___ EXERCISE DATA ___

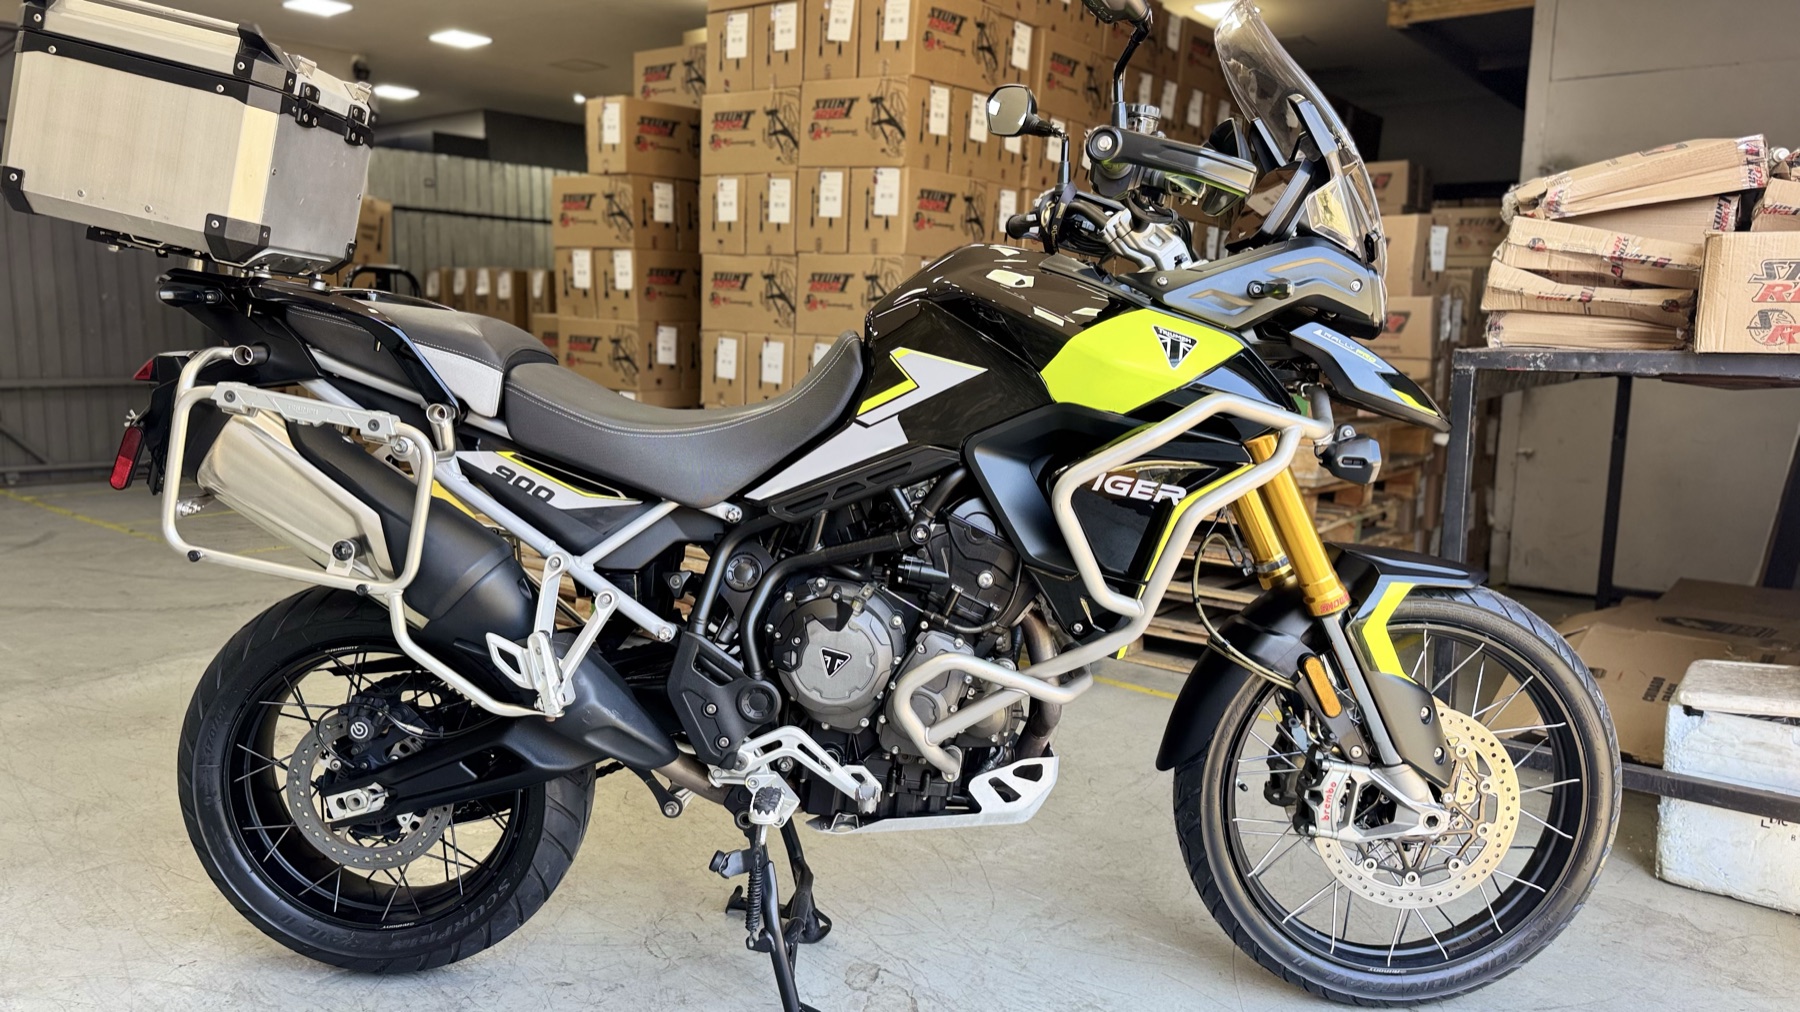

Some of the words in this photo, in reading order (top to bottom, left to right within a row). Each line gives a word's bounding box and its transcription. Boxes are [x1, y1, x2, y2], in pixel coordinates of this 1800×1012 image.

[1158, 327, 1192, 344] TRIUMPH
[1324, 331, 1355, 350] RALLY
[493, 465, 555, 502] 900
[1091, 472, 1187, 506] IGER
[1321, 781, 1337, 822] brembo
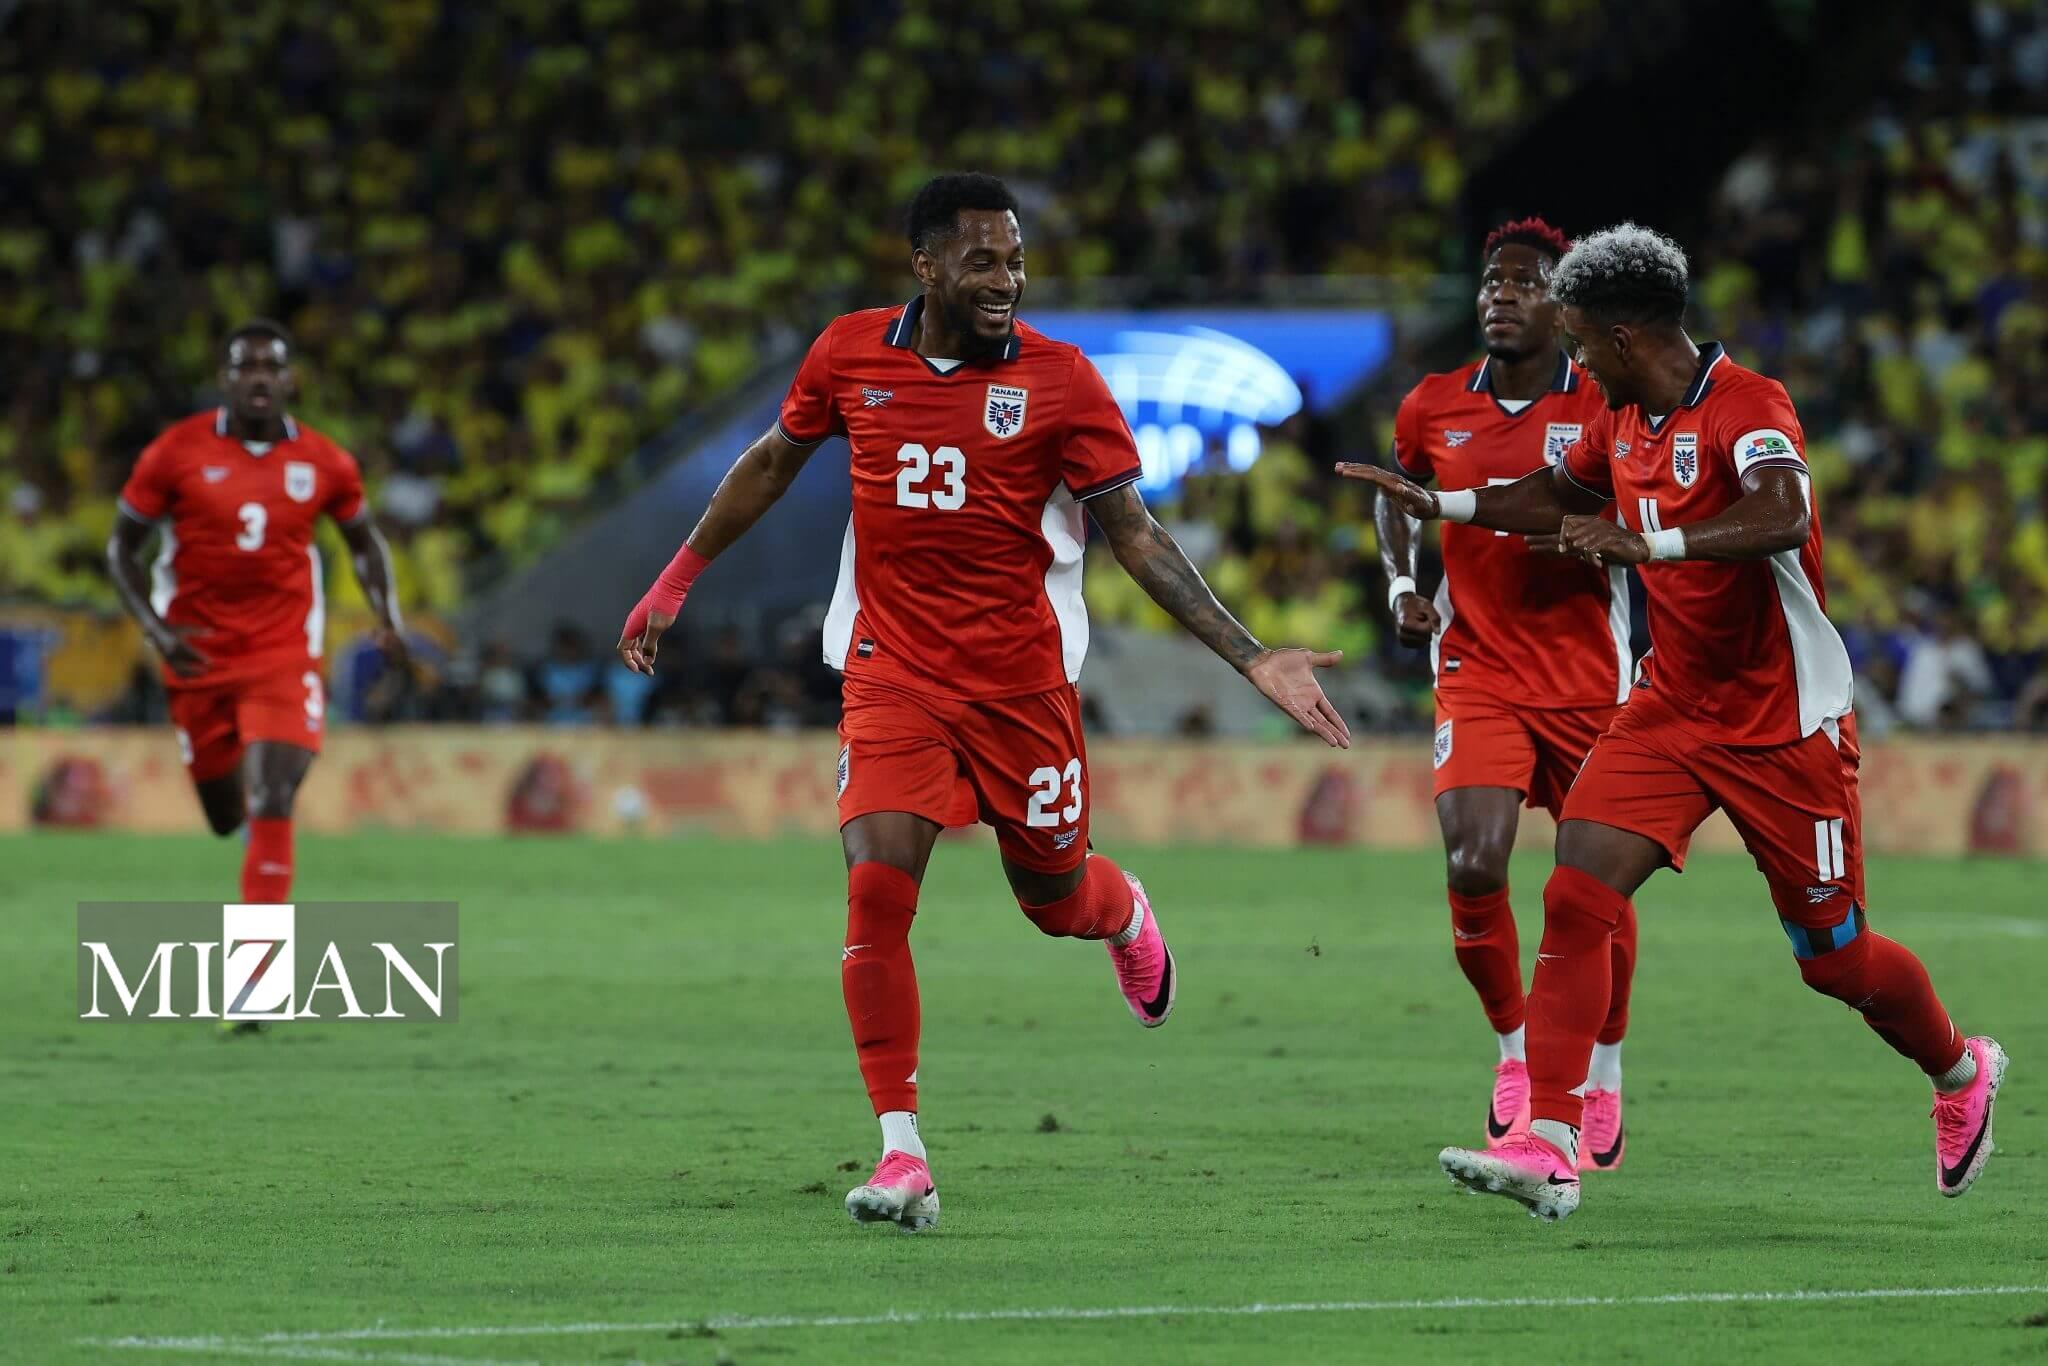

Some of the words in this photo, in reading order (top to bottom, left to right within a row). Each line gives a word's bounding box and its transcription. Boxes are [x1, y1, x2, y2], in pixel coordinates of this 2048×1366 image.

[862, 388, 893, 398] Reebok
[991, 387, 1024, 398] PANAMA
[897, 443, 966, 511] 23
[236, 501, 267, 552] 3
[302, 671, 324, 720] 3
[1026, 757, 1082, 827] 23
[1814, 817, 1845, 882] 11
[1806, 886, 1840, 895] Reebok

___

- [YOUR ASSIGNMENT]
Everything in the entries above except the pictures should be given again exactly.

- [TASK OUTPUT]
Some of the words in this photo, in reading order (top to bottom, left to right within a row). Each line gives a word's bounding box and its transcription. Boxes are [x1, y1, x2, y2], in pixel coordinates of this 1800×1012 image.

[1158, 327, 1192, 344] TRIUMPH
[1324, 331, 1355, 350] RALLY
[493, 465, 555, 502] 900
[1091, 472, 1187, 506] IGER
[1321, 781, 1337, 822] brembo

Some of the words in this photo, in reading order (top to bottom, left to right within a row). Each line gives a word's bounding box and its transcription. Boxes are [x1, y1, x2, y2], in pixel coordinates of this 2048×1366 image.

[862, 388, 893, 398] Reebok
[991, 387, 1024, 398] PANAMA
[897, 443, 966, 511] 23
[236, 501, 267, 552] 3
[302, 671, 324, 720] 3
[1026, 757, 1082, 827] 23
[1814, 817, 1845, 882] 11
[1806, 886, 1840, 895] Reebok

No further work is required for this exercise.